* [Assignment]
Word for word, restate the lines that run from the line containing "this 2353×1568 image." to the last line of the records below.
======== Records for this exercise
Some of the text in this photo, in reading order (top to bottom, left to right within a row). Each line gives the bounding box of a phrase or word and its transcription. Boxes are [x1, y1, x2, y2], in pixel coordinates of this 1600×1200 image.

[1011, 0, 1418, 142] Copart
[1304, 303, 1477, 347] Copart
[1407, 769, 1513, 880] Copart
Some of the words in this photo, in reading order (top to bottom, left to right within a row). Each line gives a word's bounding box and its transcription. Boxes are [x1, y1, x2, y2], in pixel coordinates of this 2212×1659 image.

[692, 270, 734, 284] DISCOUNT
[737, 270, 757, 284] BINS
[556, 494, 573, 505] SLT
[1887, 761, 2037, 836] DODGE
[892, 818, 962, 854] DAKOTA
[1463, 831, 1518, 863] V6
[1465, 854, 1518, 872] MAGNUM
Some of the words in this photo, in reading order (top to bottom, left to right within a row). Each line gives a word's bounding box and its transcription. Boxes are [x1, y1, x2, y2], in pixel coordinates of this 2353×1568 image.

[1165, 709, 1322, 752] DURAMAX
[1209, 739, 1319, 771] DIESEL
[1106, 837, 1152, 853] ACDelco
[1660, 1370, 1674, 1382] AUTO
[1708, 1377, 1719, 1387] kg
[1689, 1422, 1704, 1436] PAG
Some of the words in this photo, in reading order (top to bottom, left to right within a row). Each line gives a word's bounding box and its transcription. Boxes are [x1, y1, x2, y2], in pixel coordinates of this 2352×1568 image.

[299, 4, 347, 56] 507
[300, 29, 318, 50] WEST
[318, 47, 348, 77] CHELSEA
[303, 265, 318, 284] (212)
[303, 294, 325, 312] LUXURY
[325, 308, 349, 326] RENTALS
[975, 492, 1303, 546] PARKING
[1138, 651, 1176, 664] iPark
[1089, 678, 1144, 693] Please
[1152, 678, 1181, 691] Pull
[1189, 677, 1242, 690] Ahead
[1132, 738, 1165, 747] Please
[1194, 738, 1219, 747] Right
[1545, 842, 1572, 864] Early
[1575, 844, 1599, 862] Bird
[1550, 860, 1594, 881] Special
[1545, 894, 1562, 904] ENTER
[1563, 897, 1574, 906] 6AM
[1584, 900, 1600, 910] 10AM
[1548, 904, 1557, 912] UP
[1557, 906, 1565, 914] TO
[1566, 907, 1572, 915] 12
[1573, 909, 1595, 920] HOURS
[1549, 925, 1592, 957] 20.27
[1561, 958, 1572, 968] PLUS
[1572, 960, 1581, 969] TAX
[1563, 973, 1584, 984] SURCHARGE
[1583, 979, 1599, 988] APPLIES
================
* [Answer for this exercise]
Some of the words in this photo, in reading order (top to bottom, left to right within a row). Each line gives a word's bounding box and its transcription. Boxes are [x1, y1, x2, y2], in pixel coordinates of this 2353×1568 image.

[1165, 709, 1322, 752] DURAMAX
[1209, 739, 1319, 771] DIESEL
[1106, 837, 1152, 853] ACDelco
[1660, 1370, 1674, 1382] AUTO
[1708, 1377, 1719, 1387] kg
[1689, 1422, 1704, 1436] PAG
Some of the words in this photo, in reading order (top to bottom, left to right within a row). Each line gives a word's bounding box and its transcription. Boxes are [x1, y1, x2, y2], in pixel coordinates of this 2352×1568 image.

[299, 4, 347, 56] 507
[300, 29, 318, 50] WEST
[318, 47, 348, 77] CHELSEA
[303, 265, 318, 284] (212)
[303, 294, 325, 312] LUXURY
[325, 308, 349, 326] RENTALS
[975, 492, 1303, 546] PARKING
[1138, 651, 1176, 664] iPark
[1089, 678, 1144, 693] Please
[1152, 678, 1181, 691] Pull
[1189, 677, 1242, 690] Ahead
[1132, 738, 1165, 747] Please
[1194, 738, 1219, 747] Right
[1545, 842, 1572, 864] Early
[1575, 844, 1599, 862] Bird
[1550, 860, 1594, 881] Special
[1545, 894, 1562, 904] ENTER
[1563, 897, 1574, 906] 6AM
[1584, 900, 1600, 910] 10AM
[1548, 904, 1557, 912] UP
[1557, 906, 1565, 914] TO
[1566, 907, 1572, 915] 12
[1573, 909, 1595, 920] HOURS
[1549, 925, 1592, 957] 20.27
[1561, 958, 1572, 968] PLUS
[1572, 960, 1581, 969] TAX
[1563, 973, 1584, 984] SURCHARGE
[1583, 979, 1599, 988] APPLIES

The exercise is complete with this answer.